Past novels by Mr. Wolfe edged toward a hard, dark border between that which is tacitly acknowledged as acceptable talk for the private club and that which cannot be said anywhere. While Sherman McCoy, protagonist of the quasi-journalistic Bonfire of the Vanities, was satirized for his materialism and infidelity, a character based on Rev. Al Sharpton was portrayed brutally as a corrupt media manipulator. A Man in Full hinged on the rape allegations against the inarticulate and cruel black football star Fareek Fanon. “Fareek,” as in “freak”; “Fanon,” like the author of The Wretched of the Earth. If status intrigues Mr. Wolfe, it may be because he’s a Yale man with money. These poor benighted Miami types! On the rare occasion that Mr. Wolfe finds something to criticize in a character with status, Magdalena or Nestor is there to do something dumber to provide comic relief. An orgiastic art party provides Mr. Wolfe the chance to document bloated late-stage capitalism at work, but more especially the opportunity to spotlight Magdalena’s vapidity. “She had never even heard of Miami Basel until Maurice invited her,” we’re told, a page before Mr. Wolfe slips in a long paragraph about architecture and hotel life and “status” for the lucky ones who are already in the know: “The Random was a typical hotel of the much-touted South Beach Retro boom. A clever developer like Duroy would buy a small, crabbed hotel, eighty years old or more …”

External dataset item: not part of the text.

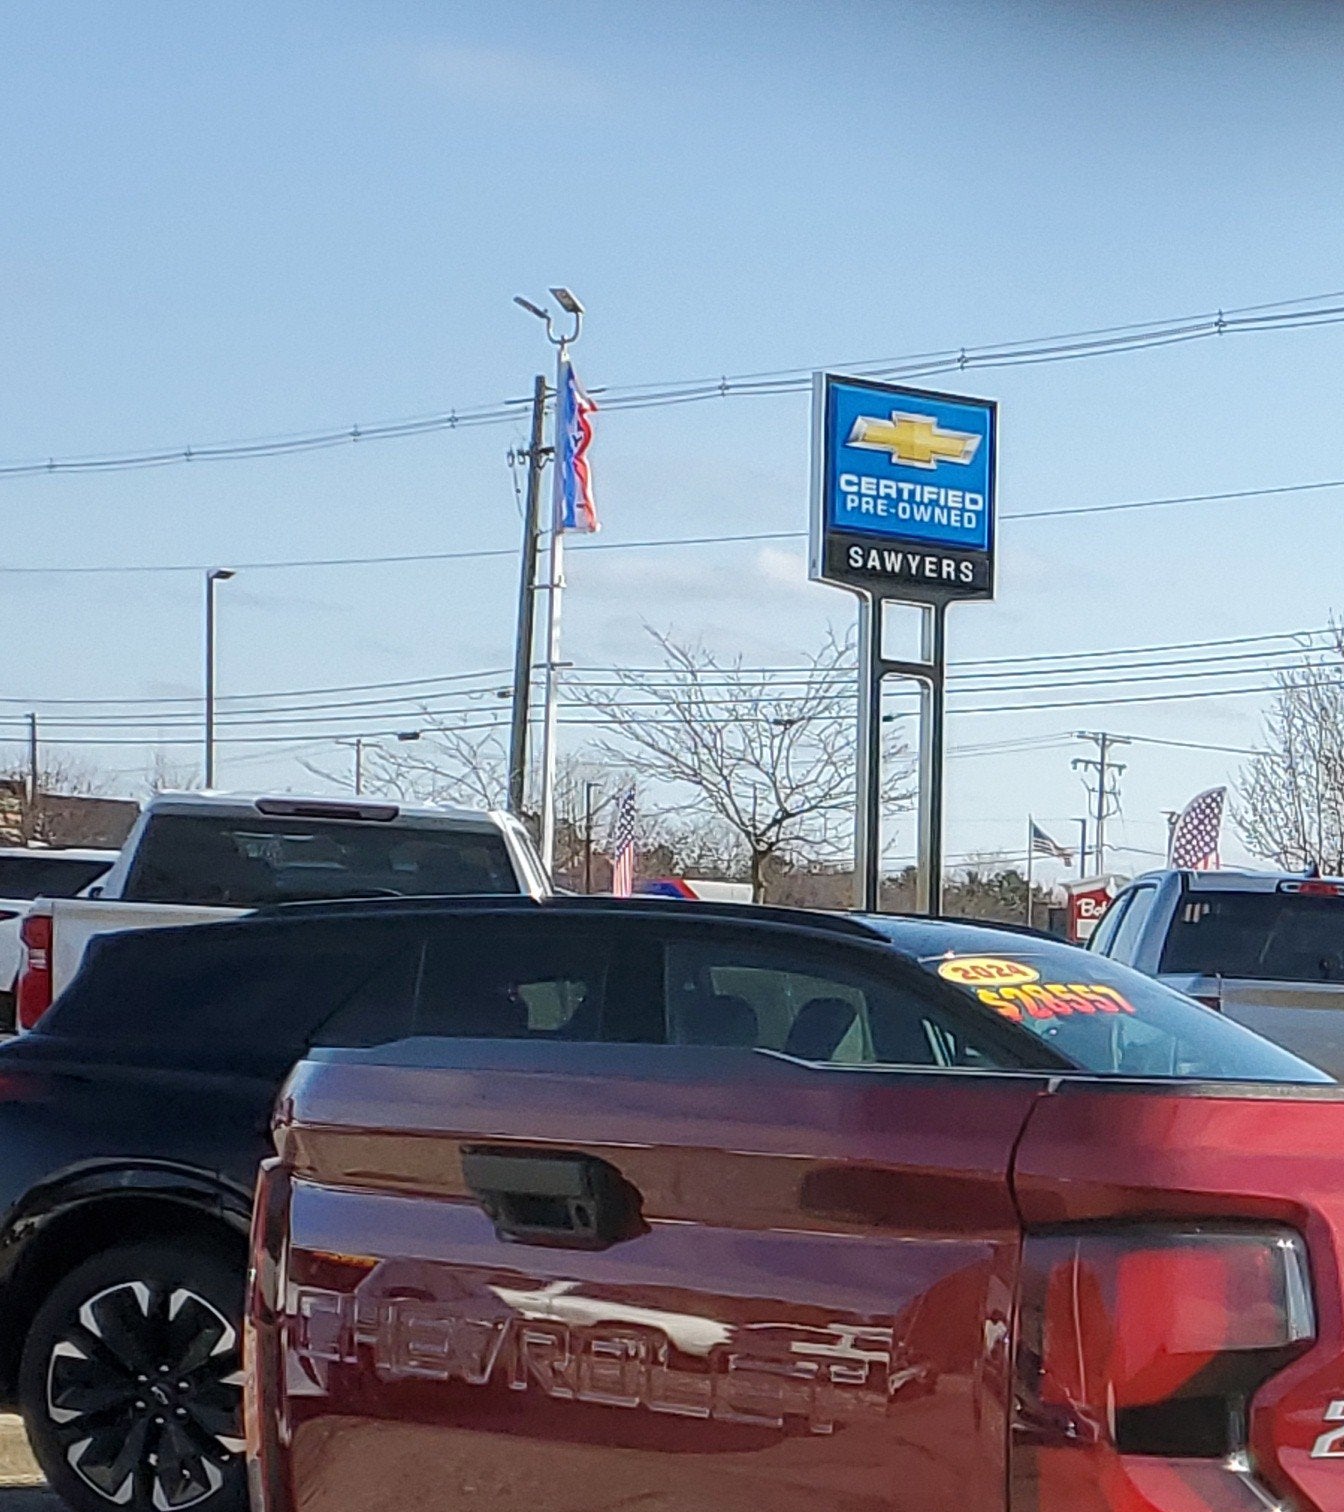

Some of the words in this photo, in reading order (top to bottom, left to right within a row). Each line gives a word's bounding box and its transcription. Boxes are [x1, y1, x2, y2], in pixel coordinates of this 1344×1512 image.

[839, 473, 984, 511] CERTIFIED
[846, 494, 977, 529] PRE-OWNED
[849, 546, 974, 582] SAWYERS
[951, 964, 1029, 981] 2024

Magdalena can never hope to know about any of this, nor, in any of her dealings with wealthy art patrons, does she attempt to learn. And she’s as adrift in Miami as the black athletes surrounded by white hegemony in A Man in Full and I Am Charlotte Simmons; mute even in her private thoughts, uncomprehending, suffering for unnamed sins. Whatever she believes—we’re not privy—the novel ensures that the world of ideas and of power dynamics, the only world in which Tom Wolfe feels comfortable, is one to which she is not admitted. Back to blood? Among the many things Mr. Wolfe fails to give his readers is any indication that he, for his part, ever left it.